Memory Technologies Production Limited Bytehound - antimetal/system-agent GitHub Wiki
ByteHound
Overview
ByteHound is a sophisticated memory profiler specifically designed for Linux systems, written in Rust. It provides comprehensive memory allocation tracking and analysis capabilities for native applications, with a focus on detecting memory leaks and understanding allocation patterns.
Key Characteristics:
- Rust-based memory profiler for Linux
- Complete allocation tracking via LD_PRELOAD interception
- Custom stack unwinding implementation for performance
- Web-based visualization UI
- Production-tested by the author in specific scenarios
- Multi-architecture support (AMD64, ARM, AArch64, MIPS64)
Performance Characteristics
Overhead Analysis
- Performance Impact: Variable depending on application - can be significant for performance-critical systems
- Optimization Focus: Uses custom stack unwinding implementation that is "potentially up to orders of magnitude faster" than traditional profiling tools
- Production Suitability: Mixed - suitable for investigation periods but may be prohibitive for always-on monitoring
- Accuracy: High (100% allocation coverage, no sampling)
- False Positives: Low due to complete tracking
Performance Comparison Context
- vs Valgrind: Significantly lower overhead than Valgrind's memory tools
- vs jemalloc profiling: Higher overhead than statistical profiling but provides complete coverage
- vs TCMalloc profiling: Higher overhead than allocator-based profiling (~4% OPS drop, ~10% P99 latency increase for TCMalloc/jemalloc)
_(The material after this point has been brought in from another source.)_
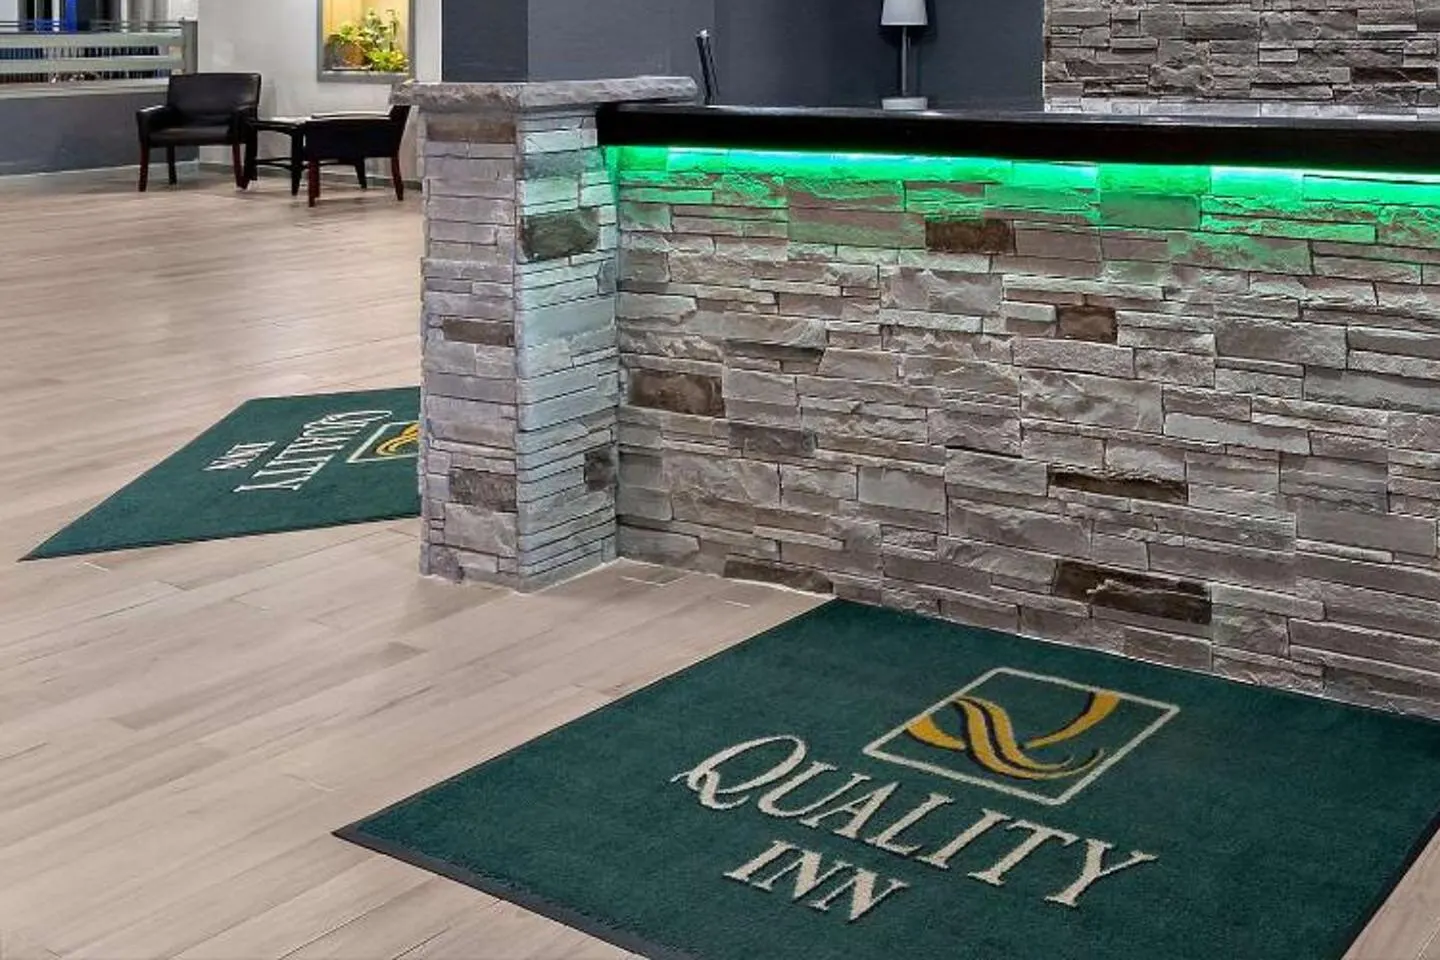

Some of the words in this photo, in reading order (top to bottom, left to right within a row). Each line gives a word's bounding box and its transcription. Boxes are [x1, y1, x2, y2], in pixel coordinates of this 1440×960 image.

[233, 410, 393, 493] QUALITY
[671, 734, 1159, 908] QUALITY
[723, 839, 909, 921] INN
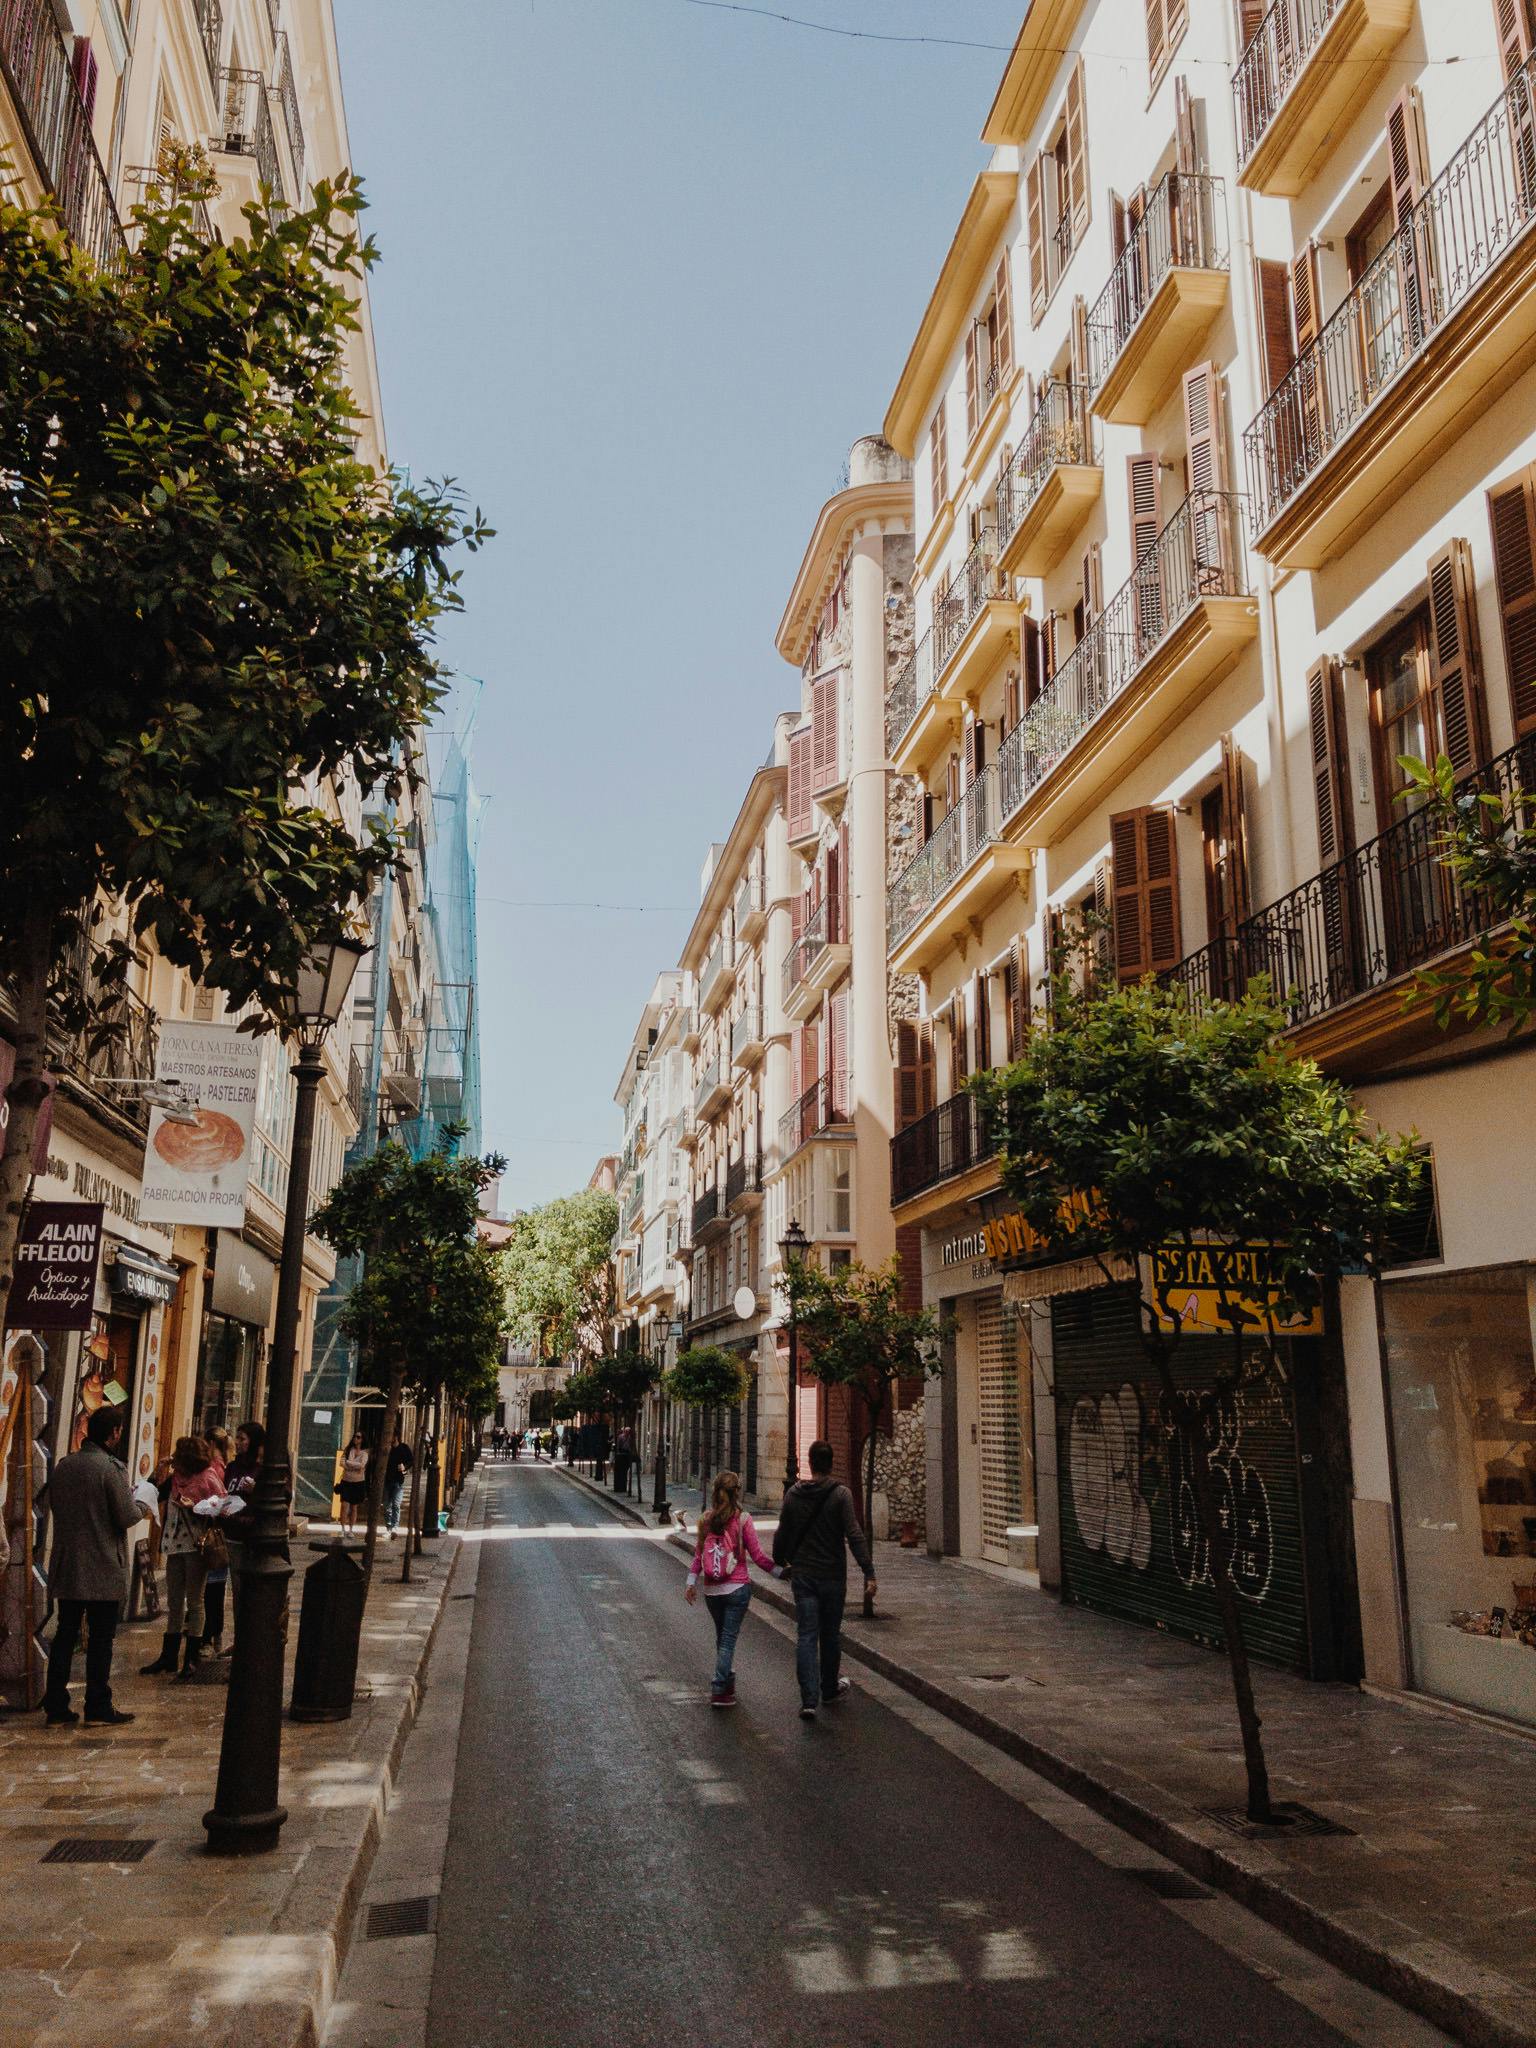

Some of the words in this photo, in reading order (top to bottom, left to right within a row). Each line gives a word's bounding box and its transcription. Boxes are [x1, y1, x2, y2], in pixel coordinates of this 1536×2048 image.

- Production Reality: TiKV team found overhead too high for their production database workload
Key Features
Core Capabilities
- Complete Allocation Tracking: Captures every malloc, free, mmap, munmap, and related calls
- Full Stack Traces: Call stack for every allocation and deallocation
- Dynamic Culling: Runtime filtering of temporary allocations to reduce data volume
- Backtrace Deduplication: Runtime backtrace cache with deduplication for reduced data generation
- No Sampling: 100% coverage of memory operations
- Real-time Analysis: Can stream profiling data to another machine
- Multiple Export Formats: JSON, Heaptrack, flamegraph formats
Advanced Features
- Embedded Scripting: Supports Rhai DSL for custom analysis
- jemalloc Integration: Special support for jemalloc profiling (AMD64 only)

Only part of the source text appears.